Conservative adverts aimed at people under 45 appear to focus less on Brexit and more on policing and mental health.
This difference in content reflects the division between older and younger voters on the issue of Brexit.
In 2018, Prof John Curtice analysed how people would vote in a second referendum.
"The UK is divided into the under-45s, who, on balance, favour staying in the EU, and the over-45s, who want to leave," he wrote.
Content for under-45s also appears to be targeted by gender - men in this age bracket see more ads about policing than any other issue.
These show Prime Minister Boris Johnson addressing the camera with an informal "Hi folks" and include messages about reducing crime and hiring more police officers.
Women under 45 make up over 90% of the audience for videos promising better mental health support for new mothers.
Their style and tone is very different to the party's Brexit-focused ads.
A Conservative Party official said: "Political parties run ads to a range of different audiences, including policy-specific ones. Advert targeting will also be affected by who has engaged most with a specific advert."
Though running far fewer adverts than the Conservatives, the Liberal Democrats are also targeting Brexit messages towards specific age groups.
In direct contrast to the Conservative Party's, the Liberal Democrats' ads are about stopping Brexit and are mostly being seen by people under the age of 45.
The Liberal Democrats are running 66 ads about Brexit, which have been seen between 2.2 million and 5.3 million times in total. The party's other 20 active adverts on Facebook are aimed at increasing party membership.
The Labour Party is running fewer ads than the Conservatives, with 276 active adverts.
Brexit is one of the issues covered by Labour but as part of a wider mix including fox hunting and the environment.
The audience for these adverts leans towards older people, with over 68% of the party's messaging on the environment and the economy aimed at over-45s.
However, the age-specific targeting by the Labour Party does not appear to be as polarised as it is for the Conservatives. And there are no issues that appear to be primarily aimed at younger audiences.
Some of Labour's ads do appear to be targeted by gender.
At least 73% of adverts against fox hunting are being shown to women. And over 60% of the audience for the party's ads about an upcoming general election are being shown to men.

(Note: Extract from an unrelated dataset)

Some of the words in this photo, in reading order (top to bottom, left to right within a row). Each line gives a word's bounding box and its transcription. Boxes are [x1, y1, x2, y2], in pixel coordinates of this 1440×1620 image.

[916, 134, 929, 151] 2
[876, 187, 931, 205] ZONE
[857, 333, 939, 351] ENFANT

The other political parties have been running very few adverts - and many have no advertising currently live on Facebook.

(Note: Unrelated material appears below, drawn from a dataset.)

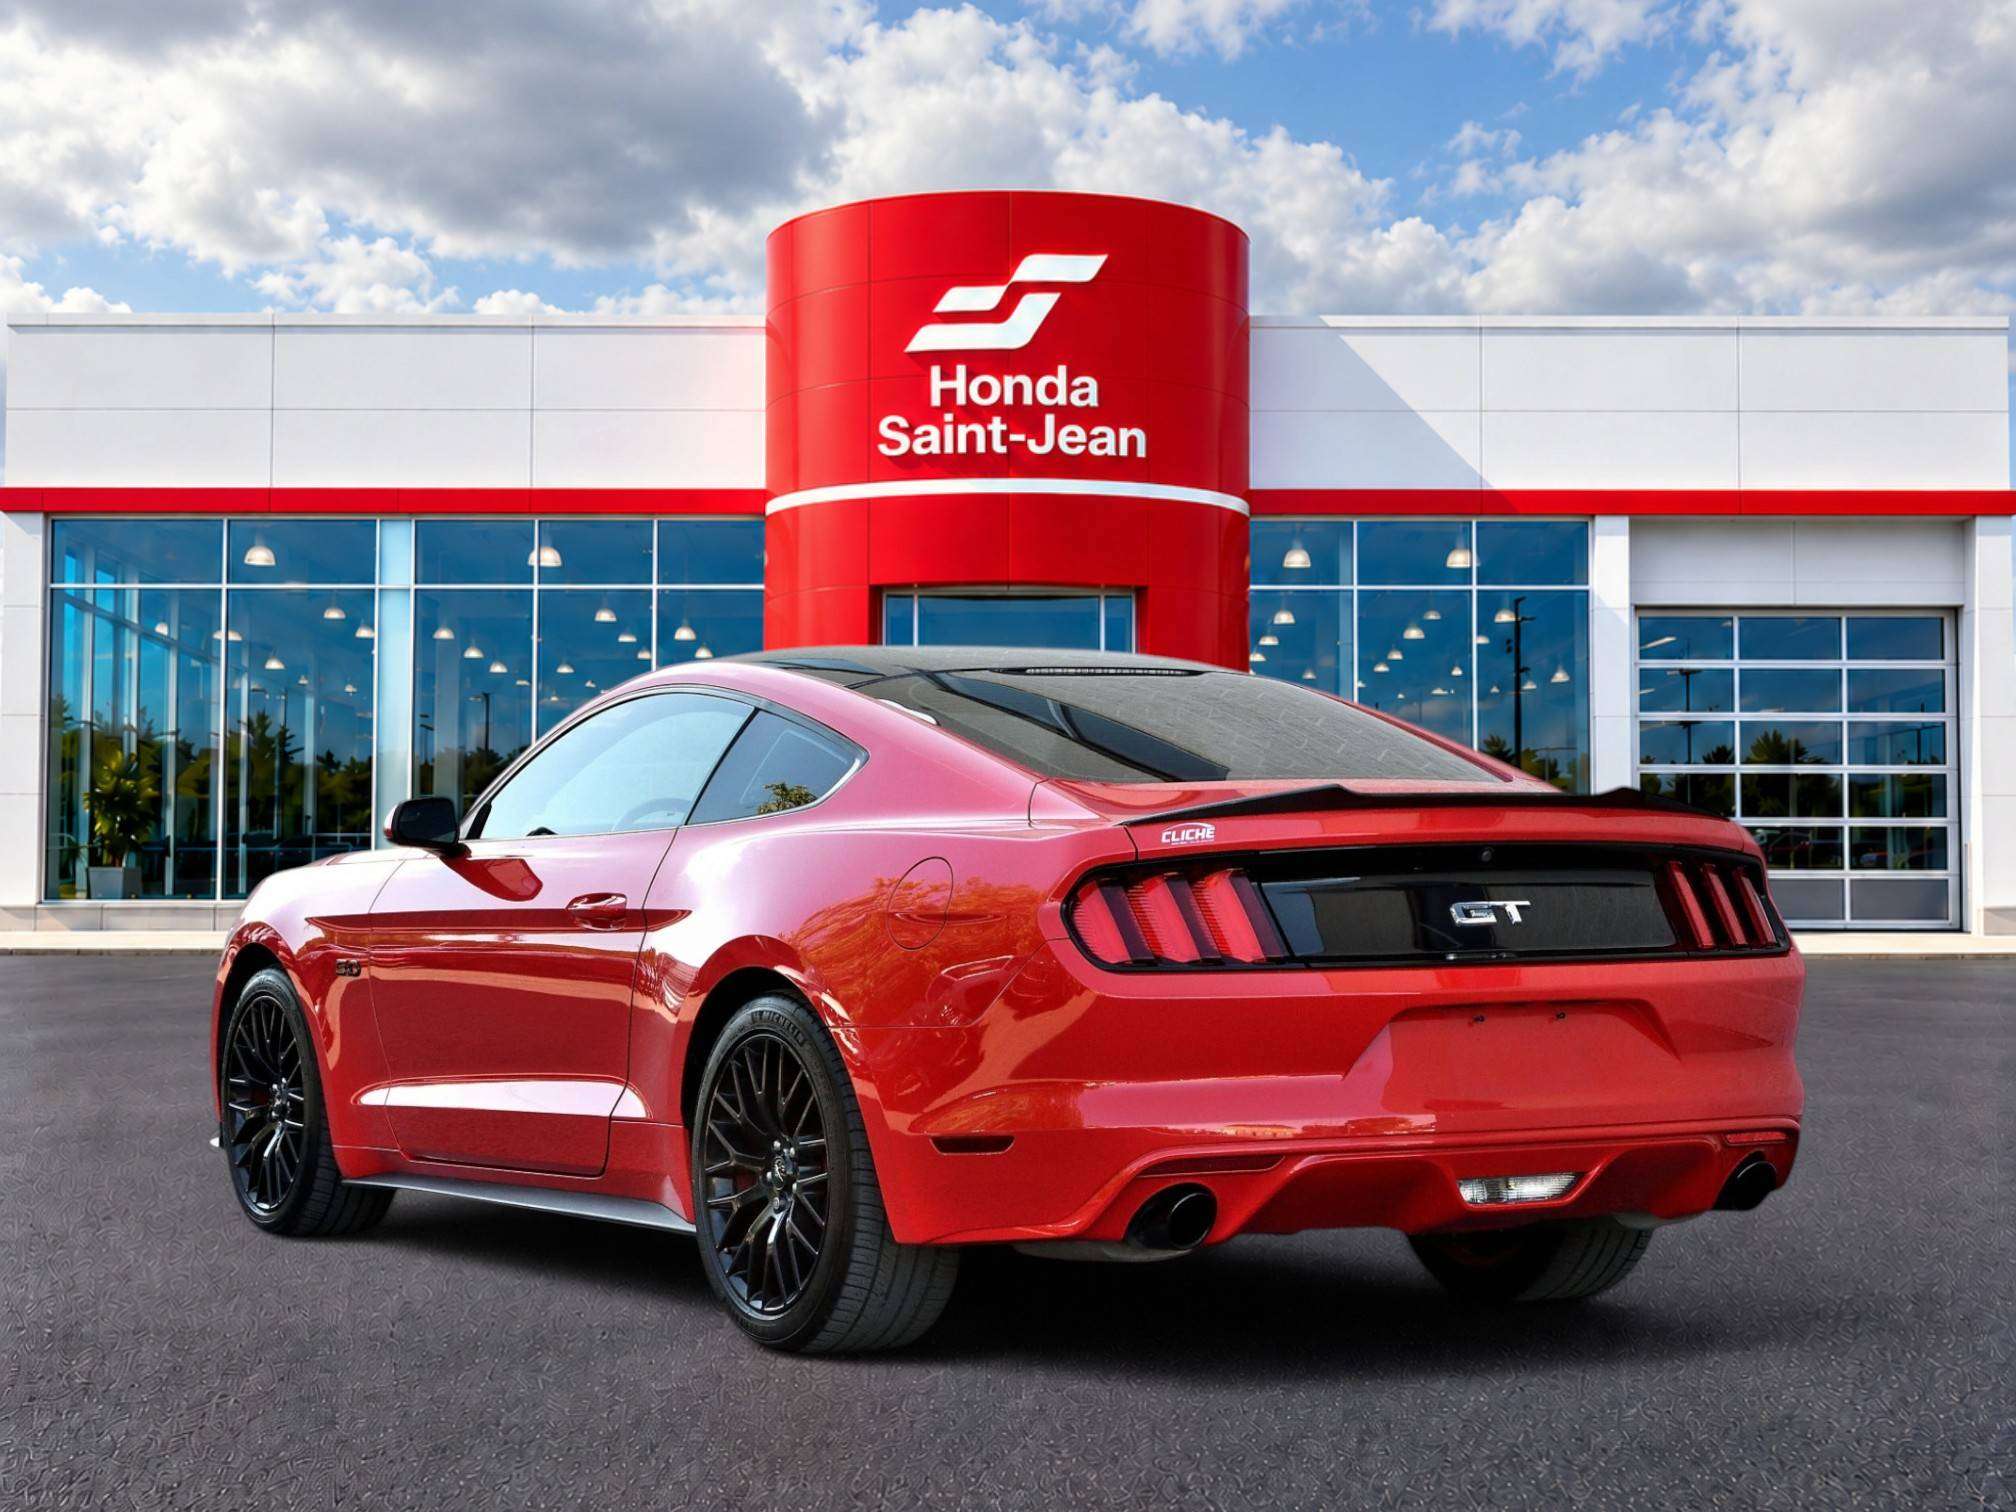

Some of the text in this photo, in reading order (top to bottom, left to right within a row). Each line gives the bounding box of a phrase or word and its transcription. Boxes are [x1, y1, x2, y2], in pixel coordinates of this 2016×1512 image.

With only a few sporadic adverts available to analyse, it is hard to draw any conclusions about whether they yet have a strategy to target specific audiences on Facebook.
How we collect and analyse the data
We used Facebook's ad library to analyse all currently active political ads funded by the major UK parties. Information about major UK party campaigns correct as of 16 September.
This includes ads run by parties' main Facebook pages, party leaders' pages, and national party pages for Scotland and Wales.
Ads are only included in the library if they have been flagged by the advertiser as being about social issues, politics or elections.
All political parties in the UK would be expected to flag their paid content.